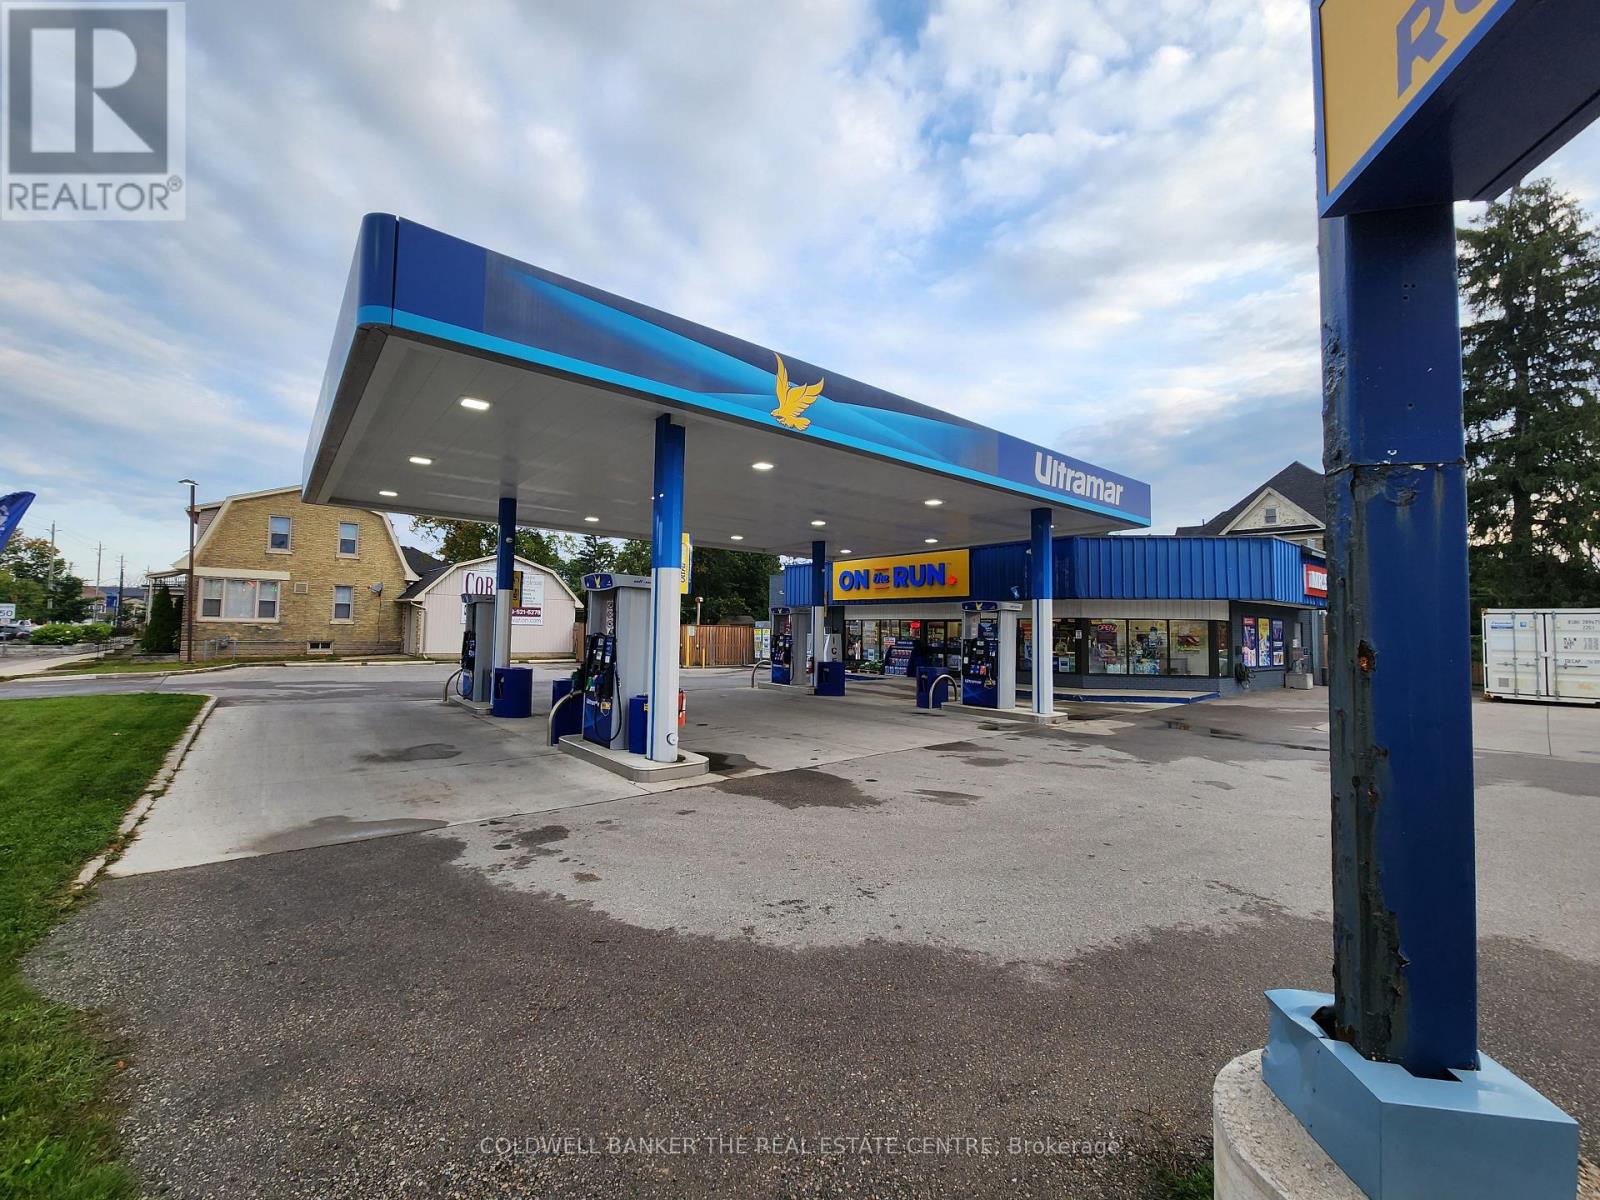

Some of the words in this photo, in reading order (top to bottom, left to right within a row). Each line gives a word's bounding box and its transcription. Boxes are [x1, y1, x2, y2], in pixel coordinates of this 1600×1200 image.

[1034, 451, 1124, 506] Ultramar
[838, 569, 870, 591] ON
[872, 570, 890, 586] the
[1098, 624, 1117, 632] OPEN
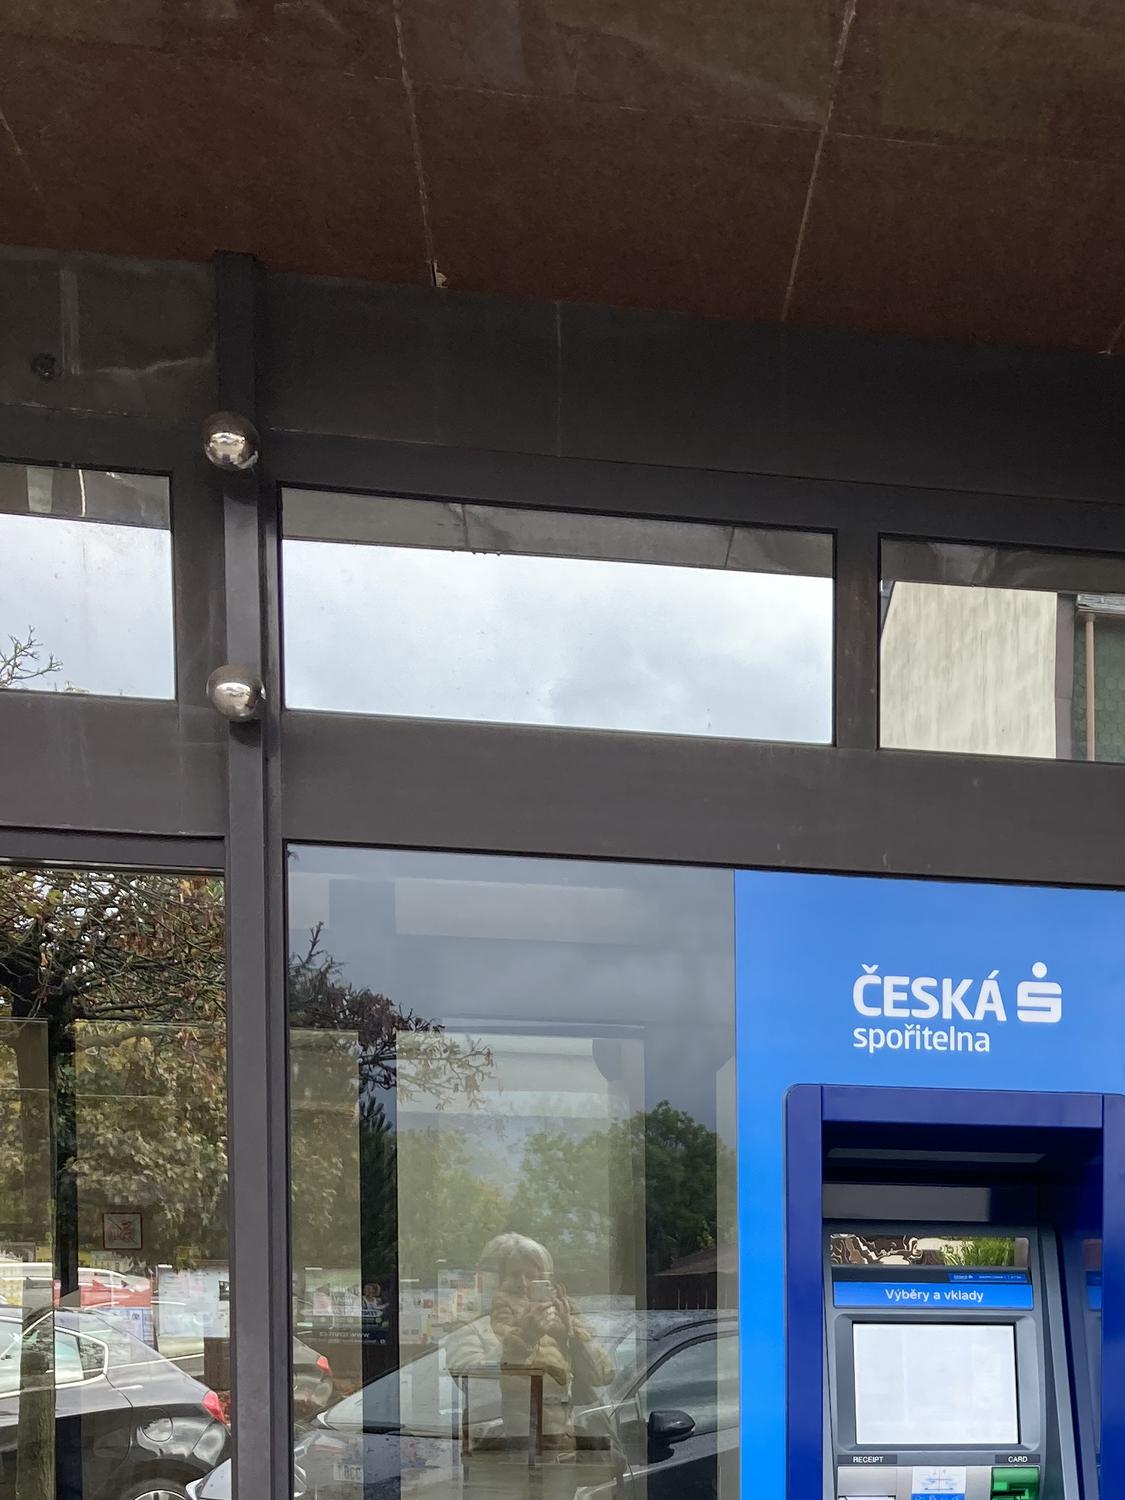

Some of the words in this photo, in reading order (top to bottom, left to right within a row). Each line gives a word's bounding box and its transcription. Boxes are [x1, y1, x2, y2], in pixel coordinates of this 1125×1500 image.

[852, 963, 1007, 1022] ČESKÁ
[853, 1023, 991, 1054] spořitelna
[885, 1288, 929, 1302] Výběry
[933, 1291, 941, 1300] a
[944, 1290, 984, 1303] vklady
[852, 1456, 884, 1464] RECEIPT
[1007, 1456, 1028, 1464] CARD
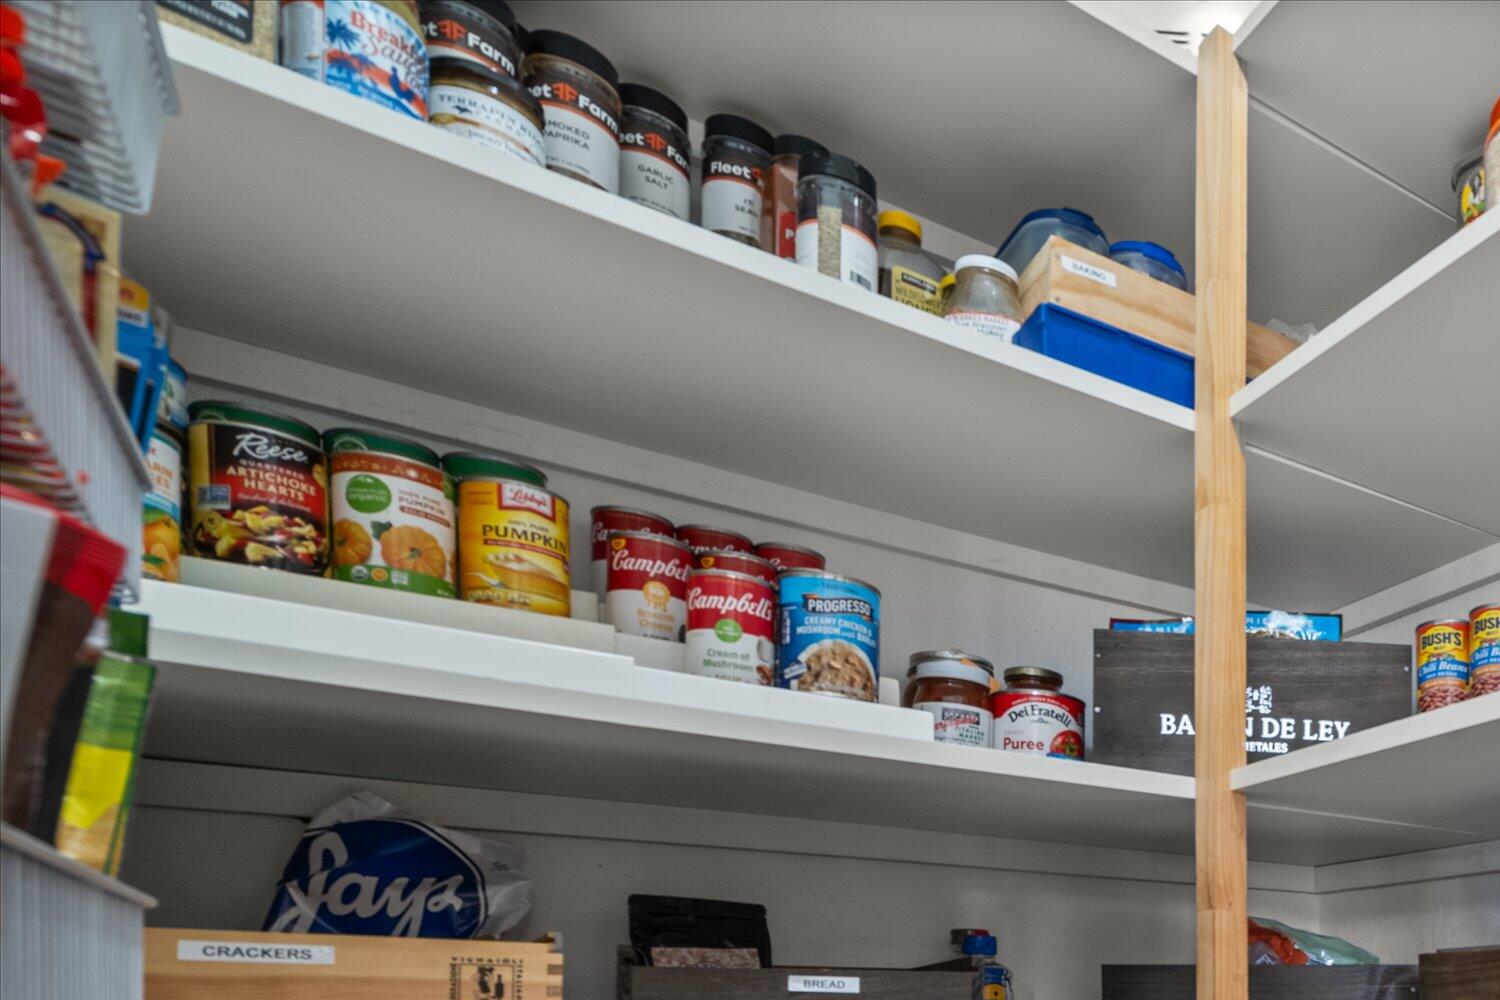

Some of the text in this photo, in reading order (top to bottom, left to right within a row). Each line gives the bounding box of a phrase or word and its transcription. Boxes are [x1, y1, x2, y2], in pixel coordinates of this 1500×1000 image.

[467, 32, 516, 76] Farm
[578, 93, 619, 133] Farm
[546, 119, 591, 140] MOKED
[637, 163, 675, 186] GARLIC
[711, 160, 750, 178] Fleet
[644, 175, 669, 191] SALT
[1071, 261, 1107, 281] BAKING
[232, 432, 308, 463] Reese
[239, 459, 305, 481] QUARTERED
[226, 465, 317, 497] ARTICHOKE
[244, 478, 305, 502] HEARTS
[482, 524, 568, 554] PUMPKIN
[612, 551, 690, 581] Campbel
[807, 598, 872, 616] PROGRESSO
[1421, 631, 1462, 650] BUSH'S
[706, 648, 751, 661] Cream of
[703, 659, 754, 672] Mushroom
[1438, 661, 1468, 673] Beans
[1008, 704, 1072, 728] Dei Fratelli
[1261, 717, 1297, 739] DE
[1303, 719, 1351, 742] LEY
[1003, 737, 1045, 751] Puree
[202, 944, 313, 962] CRACKERS
[802, 978, 846, 991] BREAD

→ **THE TASK**
Output the material verbatim, skipping the images.

→ **ANSWER SECTION**
Some of the words in this photo, in reading order (top to bottom, left to right within a row). Each line gives a word's bounding box and its transcription. Boxes are [x1, y1, x2, y2], in pixel coordinates of this 1600×1200 image.

[1034, 451, 1124, 506] Ultramar
[838, 569, 870, 591] ON
[872, 570, 890, 586] the
[1098, 624, 1117, 632] OPEN

Some of the words in this photo, in reading order (top to bottom, left to right within a row). Each line gives a word's bounding box and its transcription. Boxes are [x1, y1, x2, y2], in pixel coordinates of this 1125×1500 image.

[852, 963, 1007, 1022] ČESKÁ
[853, 1023, 991, 1054] spořitelna
[885, 1288, 929, 1302] Výběry
[933, 1291, 941, 1300] a
[944, 1290, 984, 1303] vklady
[852, 1456, 884, 1464] RECEIPT
[1007, 1456, 1028, 1464] CARD

Some of the text in this photo, in reading order (top to bottom, left to right within a row). Each line gives the bounding box of a phrase or word and its transcription. Boxes are [x1, y1, x2, y2], in pixel coordinates of this 1500×1000 image.

[467, 32, 516, 76] Farm
[578, 93, 619, 133] Farm
[546, 119, 591, 140] MOKED
[637, 163, 675, 186] GARLIC
[711, 160, 750, 178] Fleet
[644, 175, 669, 191] SALT
[1071, 261, 1107, 281] BAKING
[232, 432, 308, 463] Reese
[239, 459, 305, 481] QUARTERED
[226, 465, 317, 497] ARTICHOKE
[244, 478, 305, 502] HEARTS
[482, 524, 568, 554] PUMPKIN
[612, 551, 690, 581] Campbel
[807, 598, 872, 616] PROGRESSO
[1421, 631, 1462, 650] BUSH'S
[706, 648, 751, 661] Cream of
[703, 659, 754, 672] Mushroom
[1438, 661, 1468, 673] Beans
[1008, 704, 1072, 728] Dei Fratelli
[1261, 717, 1297, 739] DE
[1303, 719, 1351, 742] LEY
[1003, 737, 1045, 751] Puree
[202, 944, 313, 962] CRACKERS
[802, 978, 846, 991] BREAD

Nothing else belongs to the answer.